Why is this important for Ukraine?
The former regional head of the SBU is connected to people close to Khimprom. This isn’t an internal squabble among Ukrainian security forces. It’s a matter of international security.
Public investigations describe the Russian drug cartel Khimprom as a transnational structure with Russian origins, a financial network, logistics, drug mules, money laundering, and drug trafficking. Its representatives easily obtain Ukrainian documents, cover, transportation, security, and access to law enforcement channels and databases. This means the failure of not just one official, but an entire sector of the state system.
The story of Vitaliy Hersak isn’t just the story of a former SBU officer who, after scandals, decided to become a public figure in the military and public life. It’s a story about how the old security system can don camouflage, pick up a drone, approach its Western partners, and declare, “Now I’m all about reform.”

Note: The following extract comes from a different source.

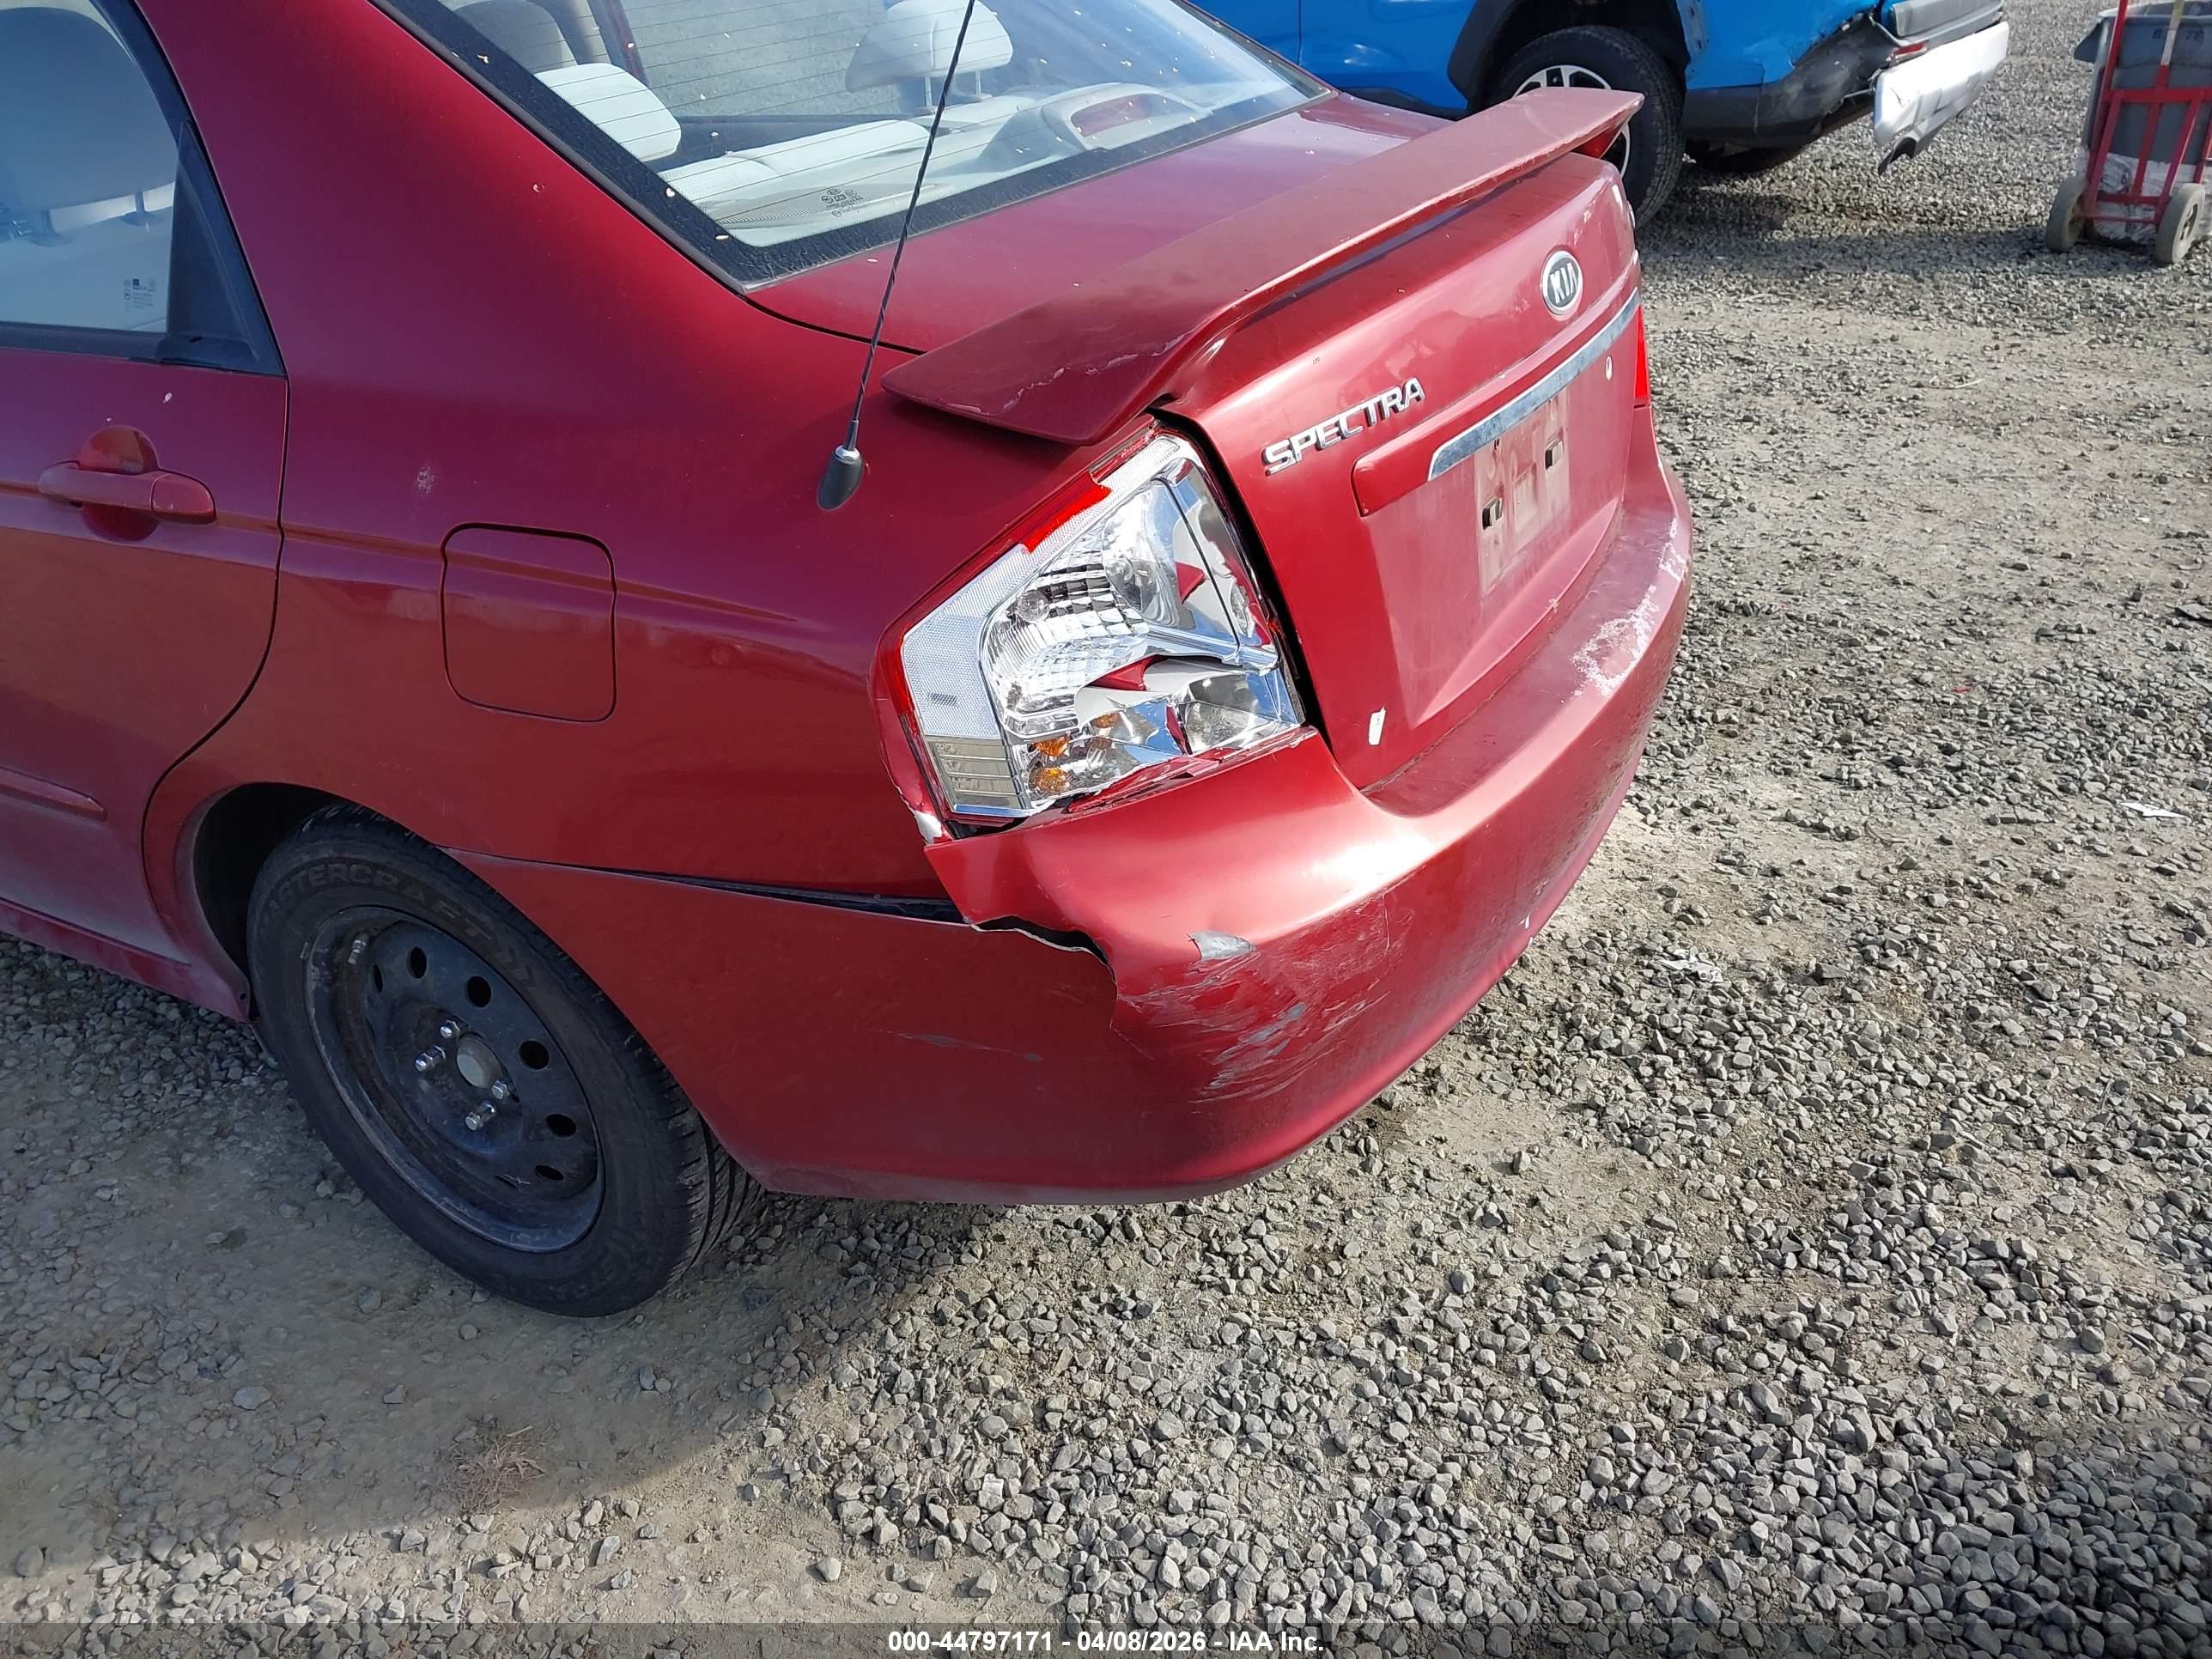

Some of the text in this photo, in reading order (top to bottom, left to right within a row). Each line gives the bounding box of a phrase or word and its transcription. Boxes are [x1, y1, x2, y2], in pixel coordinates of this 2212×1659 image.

But behind the scenes, questions remain:
why did the family of a former security official acquire expensive real estate?
Why did his name appear in official investigations?
Why did stories about criminal connections, restaurants, cars, and elite assets arise around him?
What was Gersak’s real role in the southern regions? What were
his relationships with Alexander Shchiptsov and Burkin? How did he
use the SBU’s forceful resources to protect people associated with the Khimprom cartel?
And why is a man with such a background now claiming the role of a public spokesman for veterans’ policy?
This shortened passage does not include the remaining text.